Я – больше то, что увидел тогда. Из-за того я полюбил потом горы и цвета-звуки органа. Через то небо я вижу. Те ощущения были неясны, но в результате реальней, чем вещная данность. Там появилось какое-то качество, что потом всюду влияло по жизни. Можно построить конструкцию слов, чтобы назвать это свойство, но только проще сказать «пржевальскость».

Про речку Каргу

Да, я – вода, часть блестящей воды – как, если взглянуть с улицы на окна дома. Я был частью ручья – очень прозрачного, мелкого, перетекавшего возле травы по округлым камням – они коричневы сверху, но, если их взять и разбить, тогда стеклянно-блестящи. Я был ручьем и играл, обтекая округлые камни, возможно, я их не касался, но был очень близко от них – крутился, негромко шумел и плыл над ними, был легким. Даже не чувствуя их, я поднимал иногда со дна стайки песчинок, перебирал их, сгонял в облачка – и сам не знал, что же это такое. Кто-то глядел в меня сверху – я даже чувствовал смутные лица, блеклые, как голубоватое небо за ними – они были совсем не важны и оставались всего лишь тенями, которые очень легко забывались. Лица смотрели в меня, на меня, я и не спорил – играл и немного жалел их, я им показывал радость. Наверное, это родители, и рядом я, но только тело, а вокруг – покрытые дерном, короткой травою, поляны, гладкие, перетекавшие в мягко взлетавшие склоны.
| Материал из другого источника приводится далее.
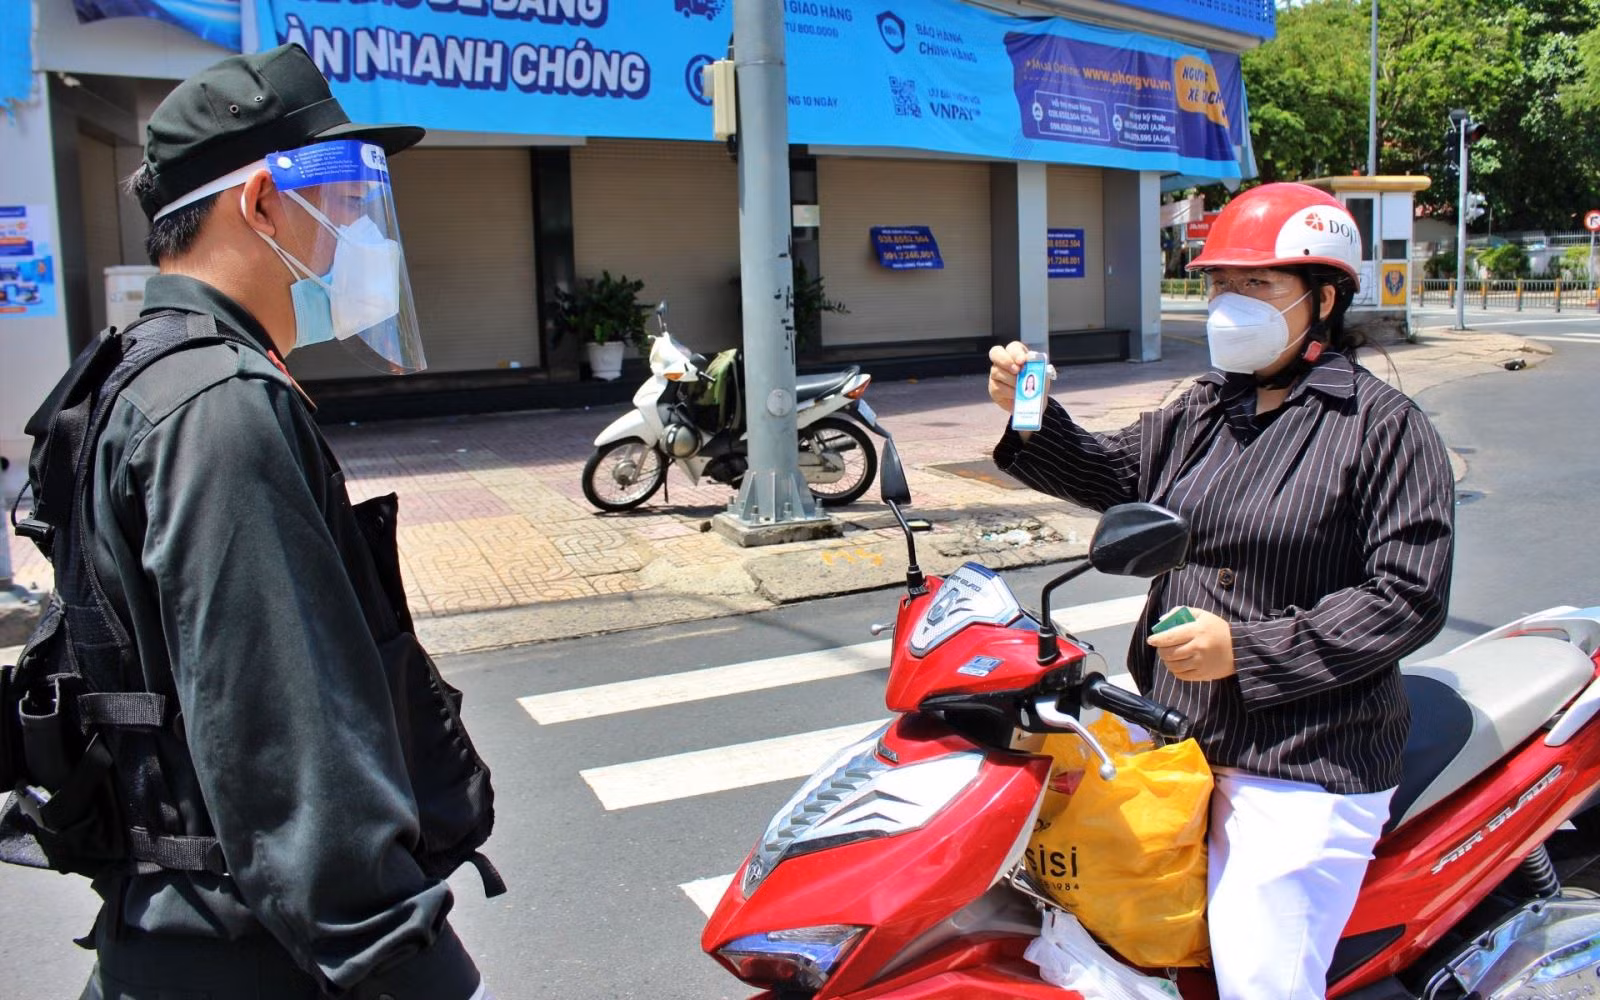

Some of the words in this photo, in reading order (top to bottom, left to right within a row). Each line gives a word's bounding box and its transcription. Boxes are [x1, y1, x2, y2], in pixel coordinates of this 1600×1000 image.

[790, 0, 819, 17] GIAO
[355, 27, 507, 90] NHANH
[511, 39, 650, 98] CHÓNG
[802, 95, 812, 107] 10
[929, 101, 974, 121] VNPAY
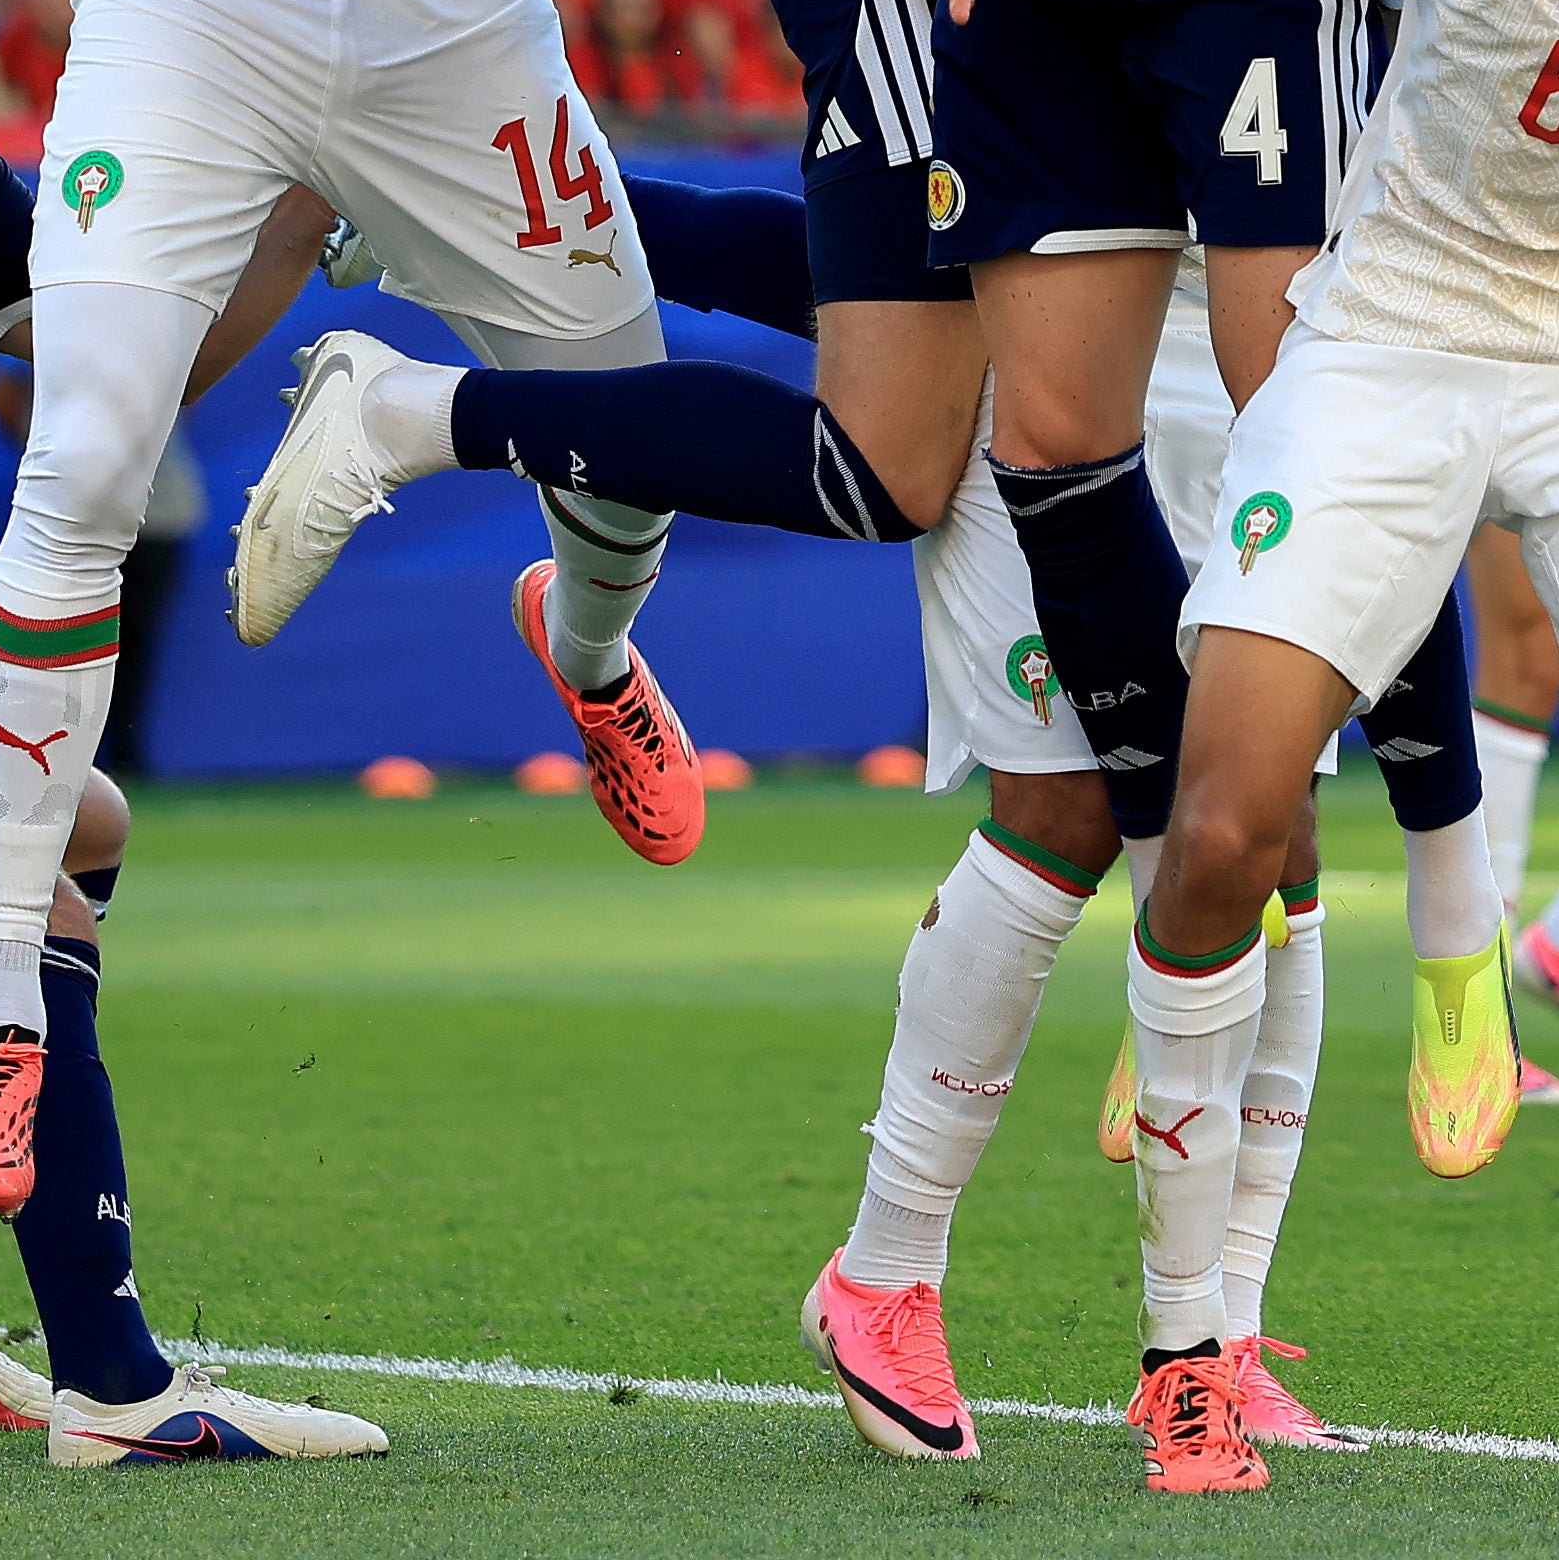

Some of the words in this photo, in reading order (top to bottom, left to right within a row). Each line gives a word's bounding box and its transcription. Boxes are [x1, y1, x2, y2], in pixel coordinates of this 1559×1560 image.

Повсюду – над ними и между них – голубоватое детское небо. Потом, подальше, наверное, я был рекой, и содержал в себе всё – все теченья, застывшесть. А за холмами был город – разнообразие стен, углов, окон и солнечных бликов на стеклах – как будто все окна недавно промыли, а стены решили не чистить от пыли, целые реки асфальтовых улиц и тротуаров – в том желтом городе тоже жил свет – солнца и бледного неба, так же, как я, он был тоже веселый. Кроме асфальта там были газоны с разлитым в них светом. Цвет стен был бледным, в согласии с сонностью неба. Углы домов переплетались. Это был город, где я становился ребенком, и этим городом тоже. Надо мной иногда были птицы, но им было трудно подолгу кружить в бесконечно-задумчивом небе, и они иногда исчезали. Я был ручьем, и когда возвращался назад, мои детские ноги болели от дальней прогулки, однако внутри был прозрачен, перетекал через эту усталость. И все же еще я был светом и ветром над низкой травой, и, что важней всего – небом. Был и домами, и стенами, их светло-желтой окраской, но и при этом я к ним прикасался. Город был теми камнями на дне, воздух был мною, водой, а песчинками – люди. Лицо, загорев после долгой прогулки, само ощущало улыбку.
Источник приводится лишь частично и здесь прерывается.